Multi-modal protein language model that jointly learns from protein sequences and biomedical text, enabling zero-shot functional prediction and retrieval.
ProtST is a multi-modal protein language model developed by the DeepGraphLearning group that bridges protein sequence representations with biomedical natural language descriptions. Introduced in early 2023, it addresses a fundamental gap in conventional protein language models: while sequence-only models effectively capture co-evolutionary patterns, they lack explicit grounding in the biological functions those sequences encode. ProtST remedies this by jointly learning from both protein sequences and curated textual descriptions of protein function, cellular location, molecular mechanisms, and biological process involvement.

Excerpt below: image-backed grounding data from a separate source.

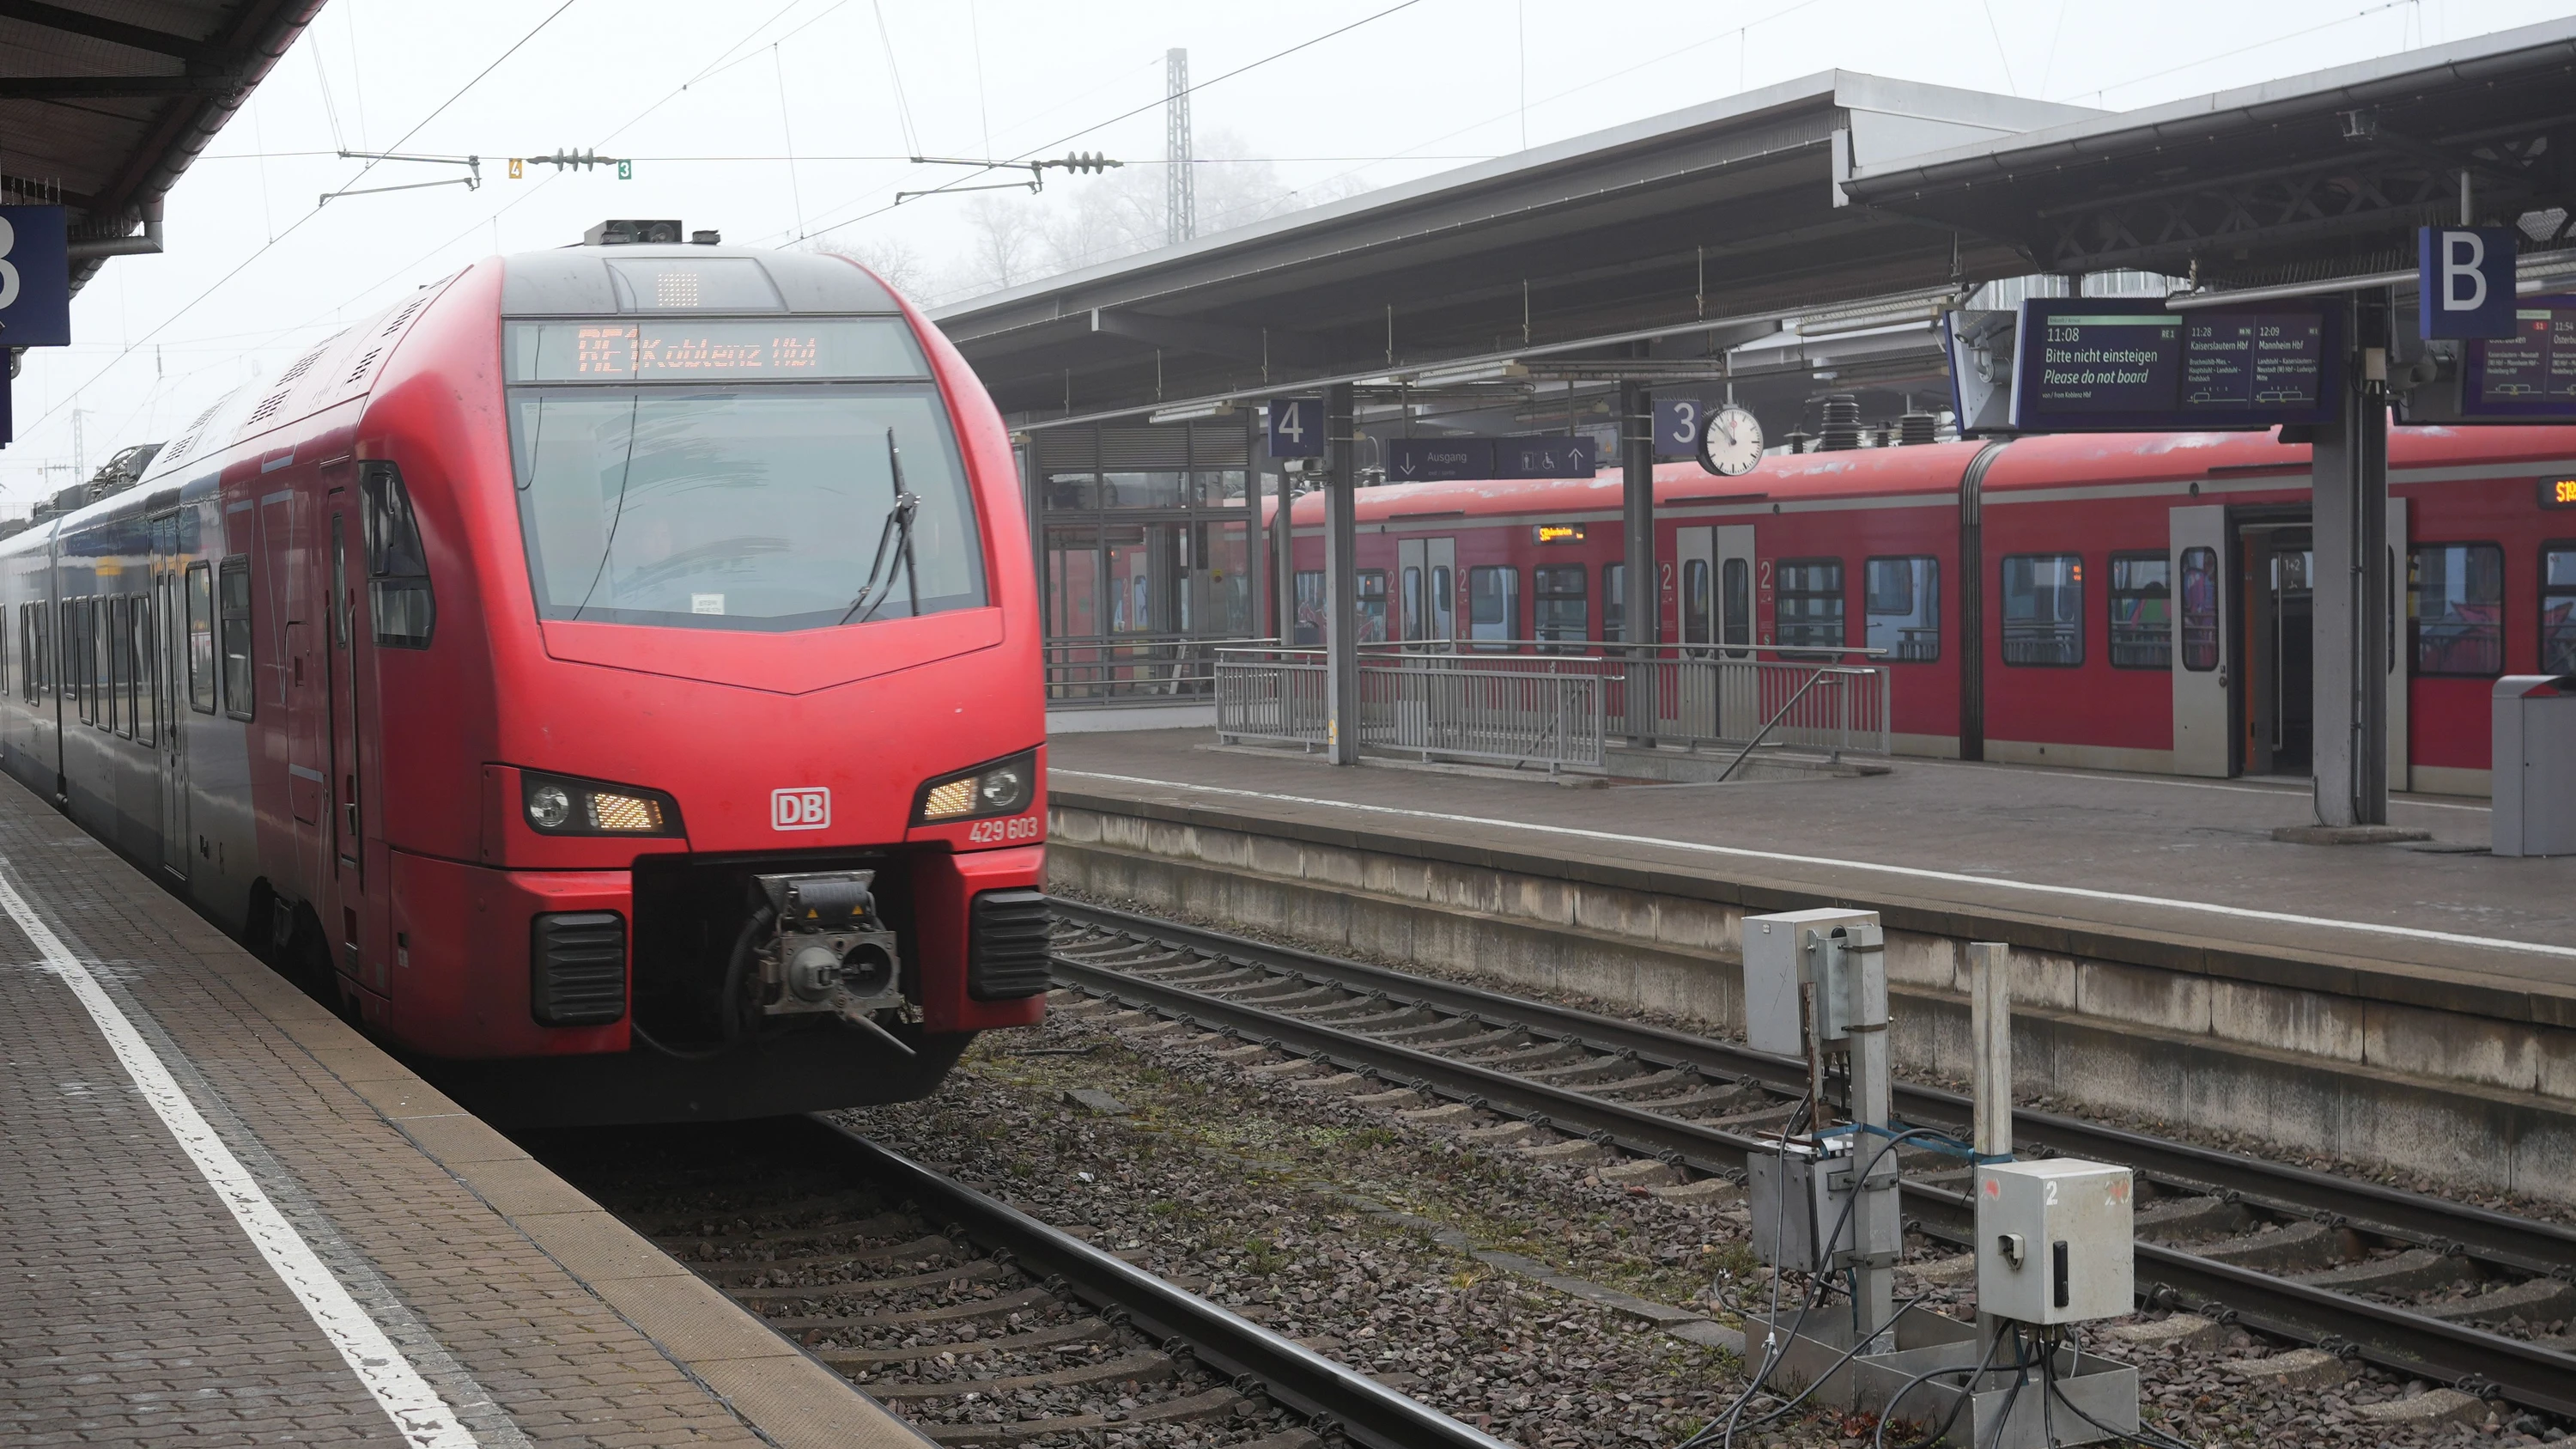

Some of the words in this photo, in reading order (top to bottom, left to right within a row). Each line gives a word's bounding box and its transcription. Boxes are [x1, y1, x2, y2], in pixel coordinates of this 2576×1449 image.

[511, 161, 520, 177] 4
[620, 161, 629, 177] 3
[2442, 231, 2487, 311] B
[2047, 327, 2080, 342] 11:08
[2161, 330, 2170, 338] RE
[2191, 326, 2212, 338] 11:28
[2259, 326, 2280, 338] 12:09
[2555, 322, 2574, 331] 11:54
[2190, 340, 2236, 350] Kaiserslautern
[2236, 340, 2249, 350] Hbf
[2258, 340, 2291, 350] Mannheim
[2292, 340, 2304, 350] Hbf
[2045, 348, 2072, 363] Bitte
[2074, 348, 2101, 363] nicht
[2103, 349, 2158, 366] einsteigen
[2044, 368, 2080, 384] Please
[2081, 369, 2095, 384] do
[2097, 370, 2116, 384] not
[2117, 368, 2149, 384] board
[1279, 402, 1303, 442] 4
[1673, 402, 1696, 443] 3
[1427, 452, 1467, 464] Ausgang
[1388, 570, 1394, 594] 2
[1460, 569, 1467, 592] 2
[1662, 563, 1672, 590] 2
[1761, 561, 1771, 589] 2
[779, 794, 824, 824] DB
[969, 821, 1004, 843] 429
[1007, 817, 1037, 838] 603
[2046, 1180, 2058, 1206] 2

The core innovation is the construction of the ProtDescribe dataset, which pairs protein sequences with rich, multi-attribute text annotations drawn from biomedical databases and literature. Using this dataset, ProtST employs a three-objective pre-training strategy — unimodal masked prediction on sequences and text independently, contrastive alignment of the two modalities in a shared embedding space, and cross-modal masked prediction — to produce representations that are simultaneously sequence-aware and functionally interpretable.
The result is a model that can be used in both supervised and zero-shot settings, including retrieving proteins from large databases using free-text functional queries, without requiring explicit function labels at inference time.
ProtST combines two pretrained language model backbones: a protein language model (such as ESM) for encoding amino acid sequences and a biomedical language model (such as PubMedBERT) for encoding textual descriptions. A fusion module then aligns representations from these two encoders through contrastive learning, bringing functionally similar sequence-text pairs together in a shared latent space while pushing dissimilar pairs apart. This is the multimodal representation alignment objective. The two auxiliary objectives — masked token prediction on sequences and masked token prediction conditioned on cross-modal context — further reinforce both unimodal and cross-modal understanding.
Training data comes from the ProtDescribe dataset, which aggregates protein-text pairs from multiple curated sources to provide multi-attribute annotations. The dataset covers a broad range of proteins and functional categories, giving the model strong coverage of diverse biological contexts. At inference time, zero-shot classification is performed by encoding candidate text descriptions of class labels and ranking them by cosine similarity to the query protein's sequence embedding, with no additional training required on the target task.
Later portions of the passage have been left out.